Pis, par la volonté de gouvernants qui se sont succédé à la tête du pays ces dernières années, la CDC gère les lignes de crédits mises à la disposition de la Tunisie par la Banque mondiale, le Fonds des fonds « Anava » et par l’Agence américaine de développement international (USAID), alors que ces lignes de crédits devraient être en principe rétrocédées et affectées au financement de l’investissement entre autres dans les régions.

Les deux articles qui suivent vont essayer de jeter la lumière sur le bien-fondé des deux établissements financiers (Banque des régions et Banque postale) lesquels, s’ils voyaient le jour, pourraient changer en mieux les régions de l’intérieur et sédentariser leurs communautés. Pour l’histoire, ces deux types de banques ont connu des succès dans d’autres pays à travers le monde.

Une banque des régions, de quoi s’agit-il ?

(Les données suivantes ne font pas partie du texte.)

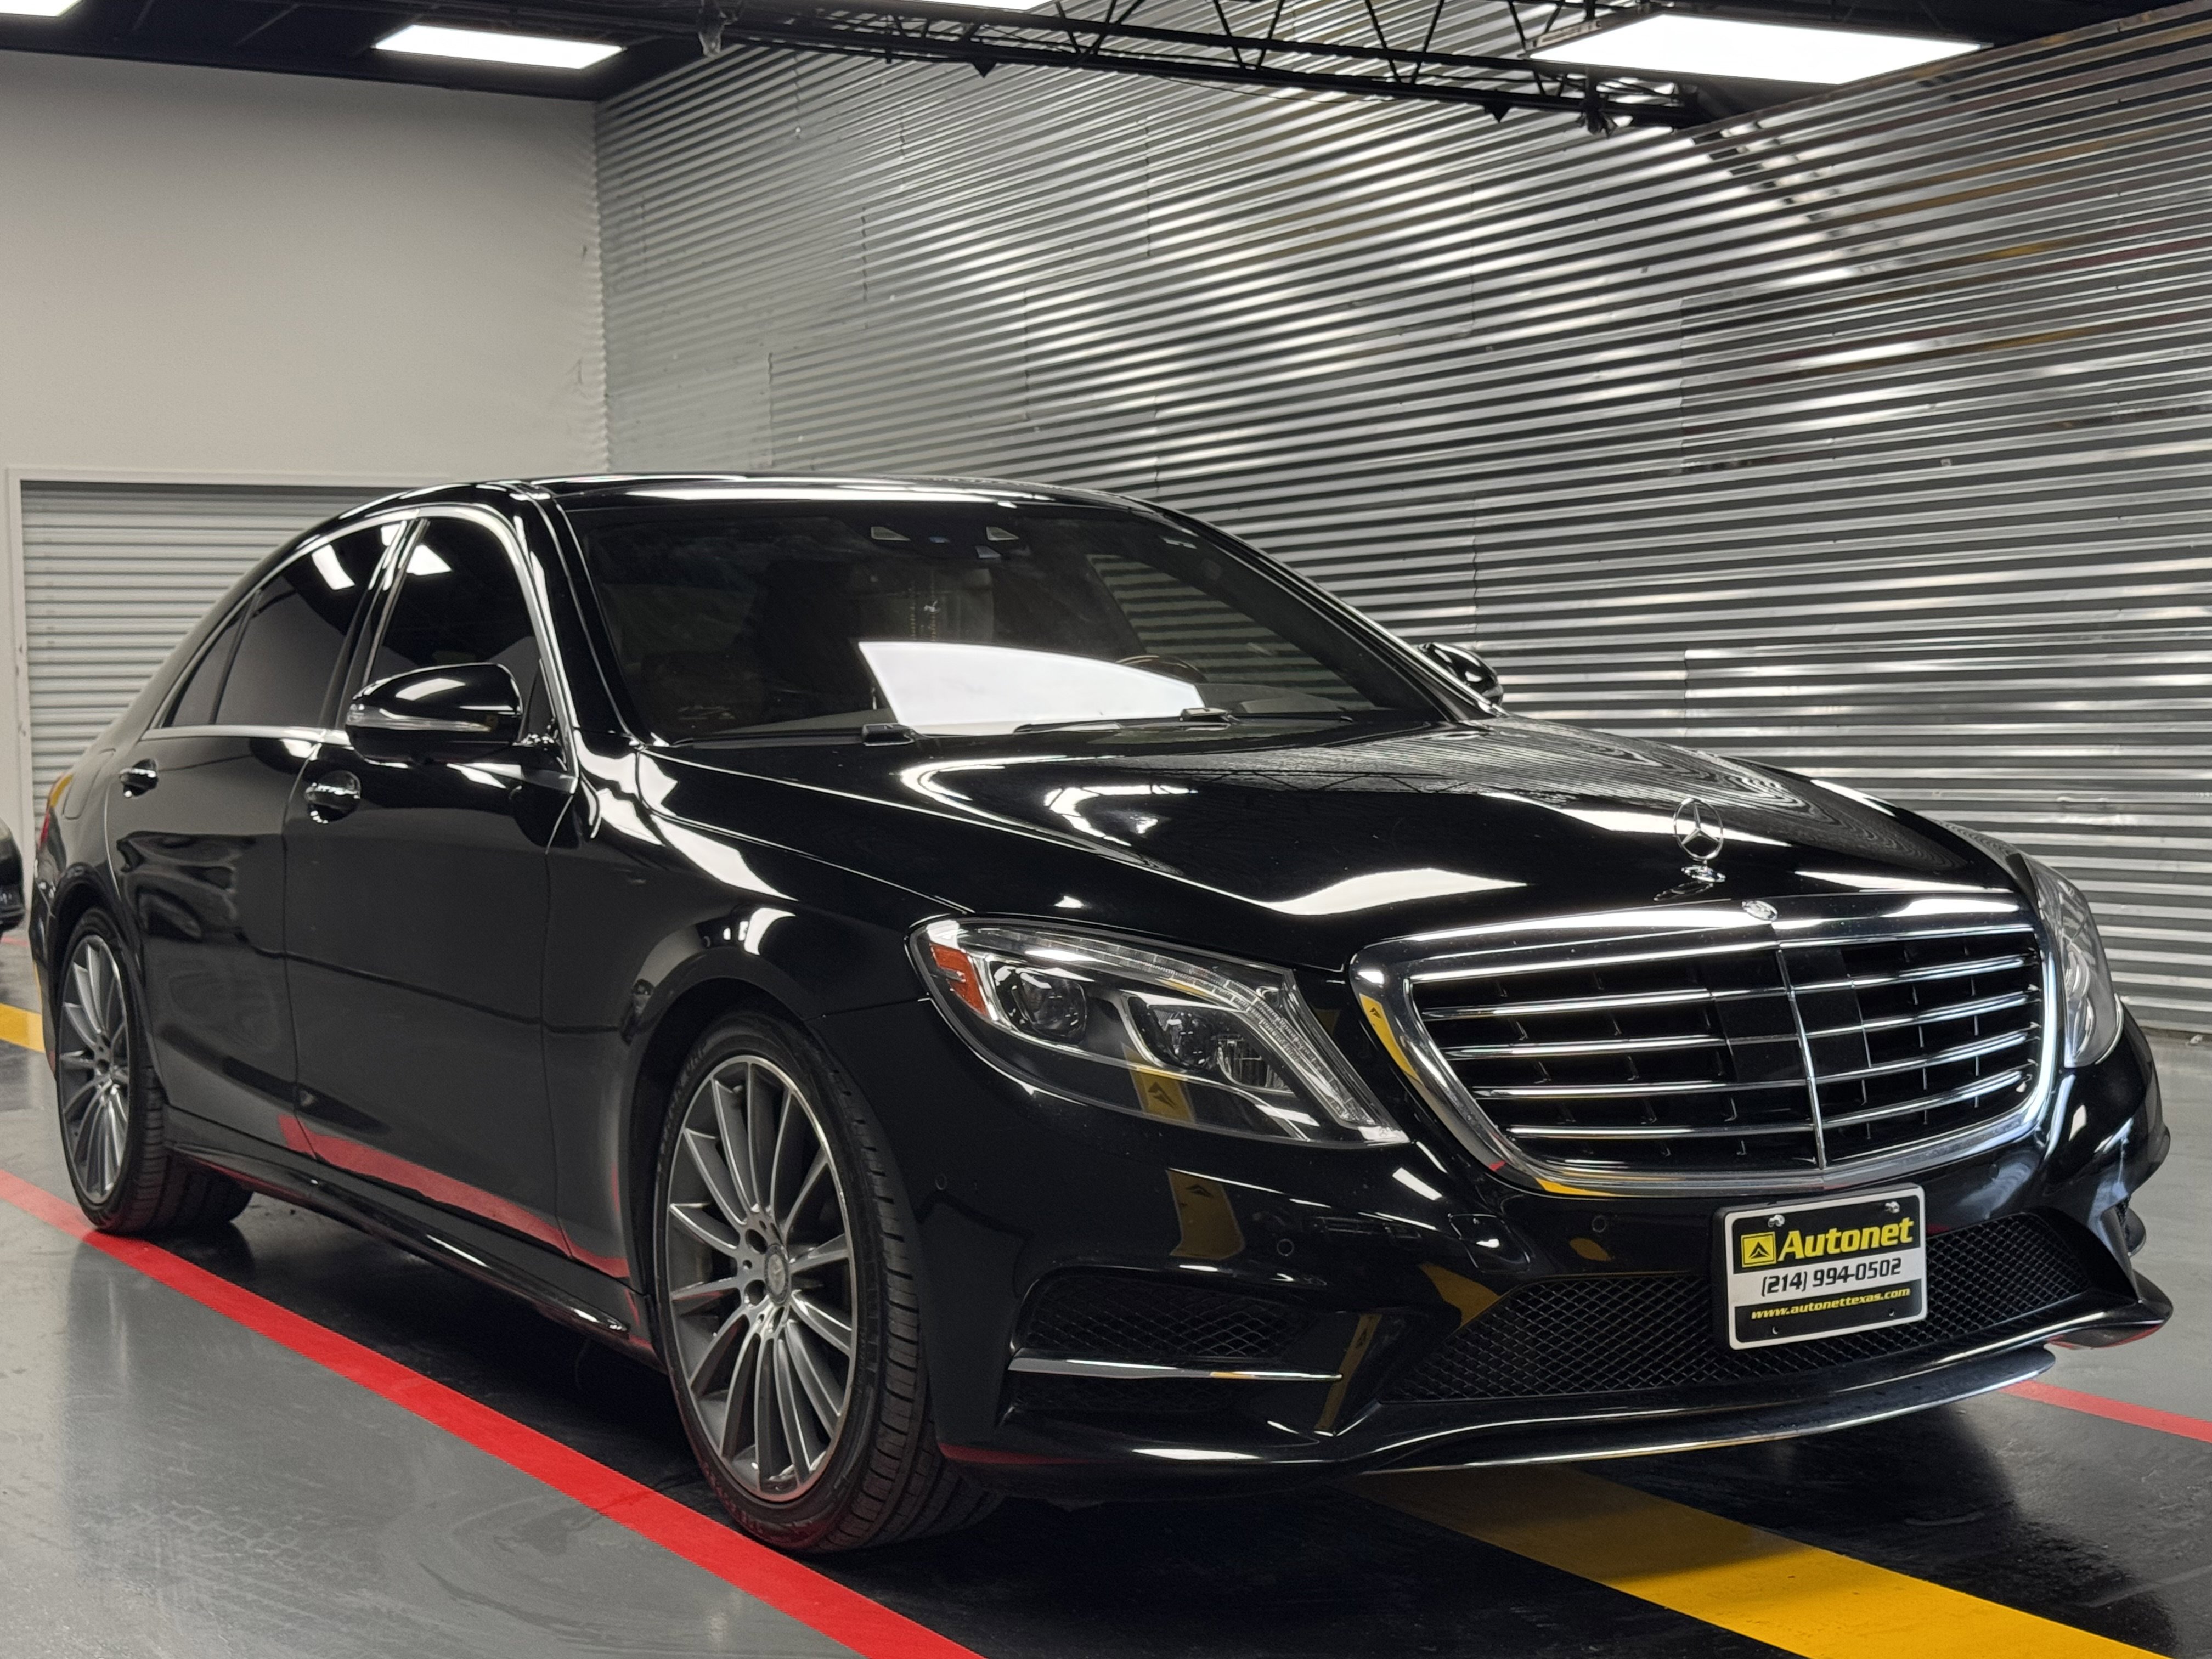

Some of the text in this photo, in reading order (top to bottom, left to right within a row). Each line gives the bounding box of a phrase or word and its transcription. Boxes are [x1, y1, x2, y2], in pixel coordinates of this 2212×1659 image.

[1778, 1217, 1914, 1262] Autonet
[1762, 1257, 1901, 1297] (214) 994-0502
[1751, 1288, 1910, 1319] www.autonettexas.com

Selon Dhafer Saidane, l’universitaire auant été le premier à présenter, officiellement, en 2011, un rapport sur ce type de banque à Elyès Jouini, alors ministre auprès du Premier ministreMohamed Ghannouchi, chargé des Réformes économiques et sociales et de la Coordination avec les ministères concernés, au sein du gouvernement provisoire. C’était dans le cadre d’un rapport intitulé « Système bancaire tunisien : dans l’attente de réformes audacieuses ».

Objectif du rapport : « assainir le système bancaire pour qu’il joue enfin son rôle de moteur de la croissance – notamment au niveau régional -, et de lutte contre l’exclusion au plan social. Ce rôle social des banques tunisiennes devra se traduire par la création de banques régionales de financement ».

Le dossier de la Banque des régions devait refaire surface, en 2015, avec le défunt Slim Chaker, ministre des Finances de l’époque. Ce dernier y tenait tellement qu’il en avait fait son dada. Il avait même annoncé la promulgation d’une loi portant sa création pour fin 2015. Décédé entre temps, il n’a pas pu achever le travail.

En 2018, c’est Ridha Chalghoum, ministre des Finances dans le gouvernement Youssef Chahed, qui devait évoquer le projet de Banque des régions. Il avait même annoncé, le 5 septembre 2018, que le projet de “Banque des régions” sera soumis à l’Assemblée des représentants du peuple (ARP), dans le cadre du projet de loi de finances 2019 ou séparément dans le cadre d’une loi spécifique.

 Objectifs de la Banque des régions

Les banques régionales, considérées comme des établissements de proximité, ont l’avantage d’être bien informées sur la situation financière de leurs clients et plus efficaces dans la sélection des emprunteurs.

Elles sont idéalement placées pour identifier les clients solvables et assurer, par conséquent, une meilleure allocation des ressources. Elles sont également censées être plus efficaces au niveau du contrôle post-octroi de crédits.

Les objectifs recherchés à travers cette banque qui diffère des autres banques de la place sont au nombre de trois.

Le premier consiste à donner aux régions, dans le cadre de la décentralisation, l’occasion d’avoir les moyens financiers requis pour appliquer les décisions de leurs conseils régionaux et de ne plus être tributaires du pouvoir central.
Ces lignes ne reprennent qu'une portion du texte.